Carry reusable shopping bags
Since 2015, the government has introduced a 5p charge on single-use plastic bags in a bid to decrease landfill waste. This ‘plastic tax’ has been a worthwhile cause, simultaneously raising money for charity and significantly reducing single-use plastic bag consumption. It has also encouraged the widespread adoption of bags for life, sustainable alternatives which are both inexpensive and durable. Foldable shopping bags are another great option for carrying discreetly in your bag.
Opt for reusable utensils
Most plastic cutlery and utensils now have non-plastic alternatives. The paper straw initiative has been implemented in many restaurants and cafes across the country. Wetherspoons famously banned plastic straws in all of its chains at the end of last year. If you’re not a fan of paper straws, a steel straw is an industrial substitute. Equally, you can purchase reusable cutlery sets to carry in your bag.
Besides disposable cutlery, drink packaging is often plastic-based. Reusable water bottles are accessible alternatives to store-bought bottles. Many are also BPA-free, limiting the risk of cancer. Similarly, travel flasks are a savvy way to save money. Costa is just one of many coffee chains who offer money off drink purchases when you bring in a reusable coffee cup. This incentive is a smart way to cut back on your plastic waste.

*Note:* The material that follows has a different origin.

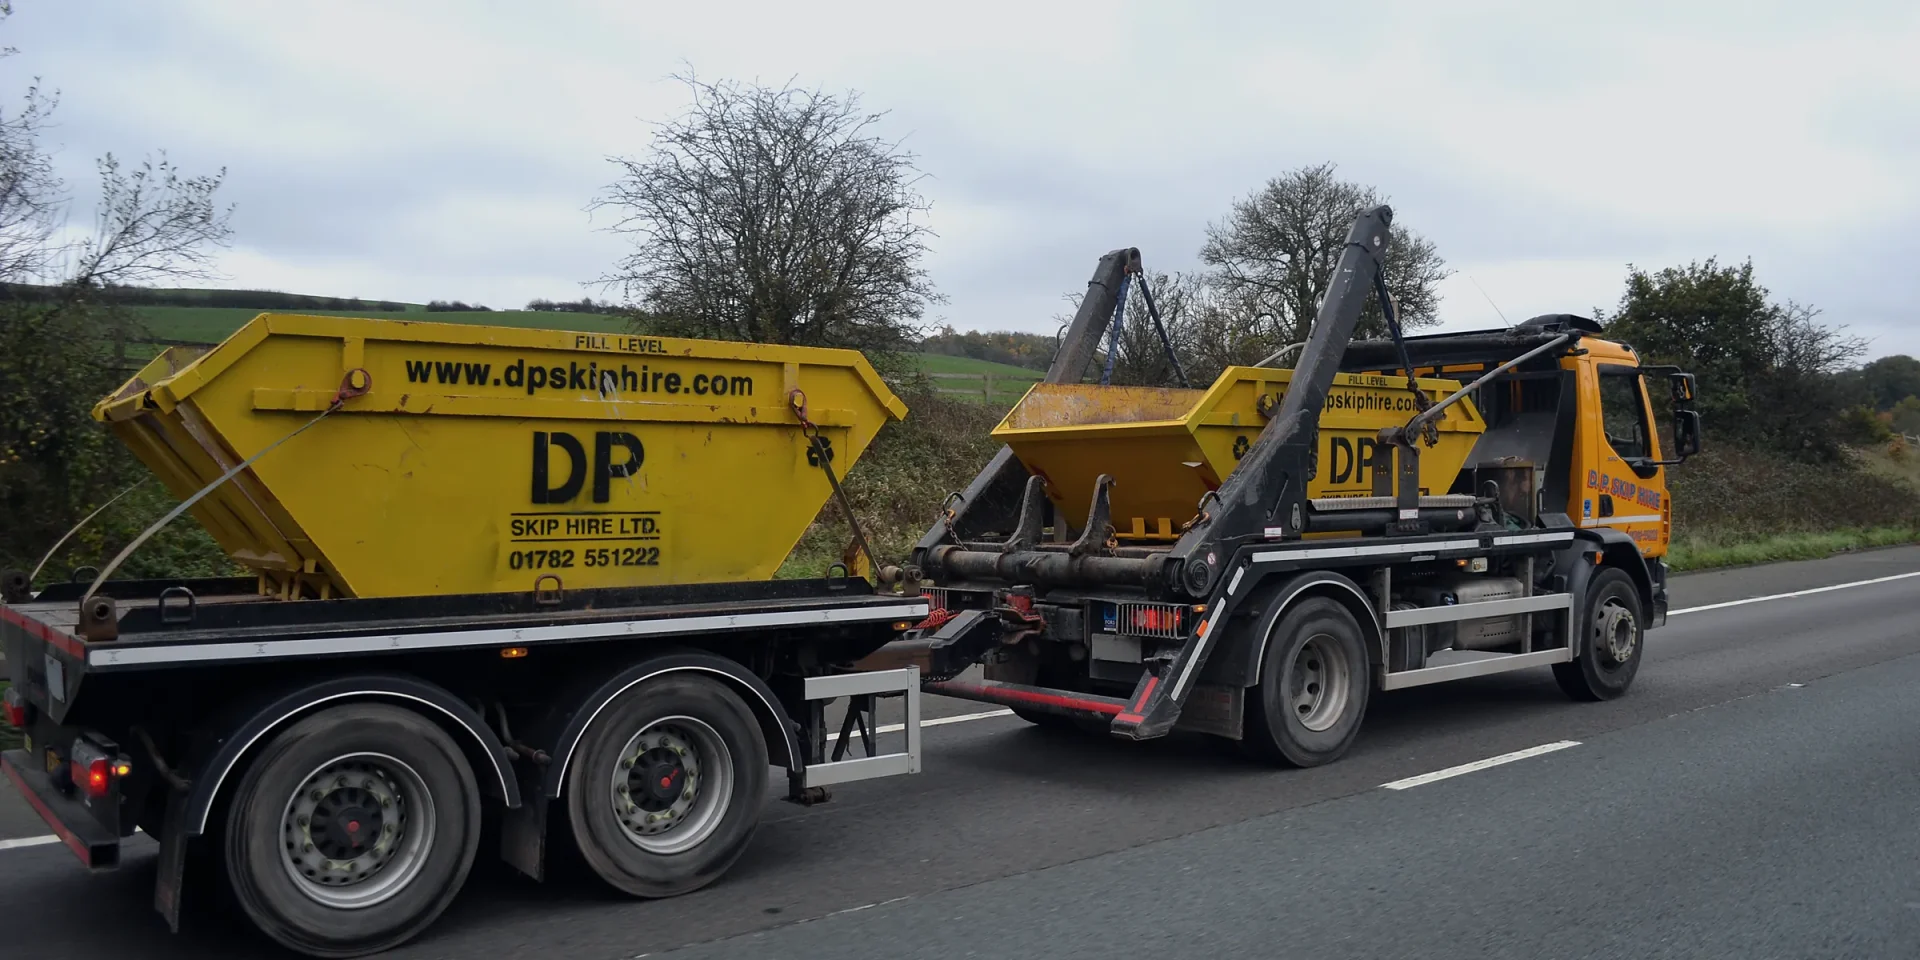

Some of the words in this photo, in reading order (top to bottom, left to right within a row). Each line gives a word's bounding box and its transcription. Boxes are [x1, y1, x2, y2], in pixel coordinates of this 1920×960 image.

It is now possible to bulk buy whole-foods by weight, purchasing them in bring-your-own containers (which can be reused from food packaging). Plastic-free shop Un_rap recently opened in Falmouth. Here you can buy pasta, rice, cereals and laundry products. Everything is reasonably priced and is an easy way to limit the purchase of unnecessary plastic packaging. Supermarkets now have the option to buy loose veg, too.
Switch to bamboo
Disposable razors and toothbrushes are damaging for the environment, taking years to properly break down in landfills. Most plastic toiletries can instead be made of bamboo. Most bamboo is biodegradable, sustainably grown and antimicrobial. It is also a relatively renewable source and versatile way to save the planet.
Wilko recently launched an eco-friendly cleaning range made from recyclable plastic. The products are all affordable and effective, promoting the use of recyclable packaging. Admittedly not all plastics are recyclable, but it is now easier to opt for recyclable alternatives. The campus shop, for example, sells canned water, perhaps the most widely recycled material. Many products are also available in cardboard or glass packaging.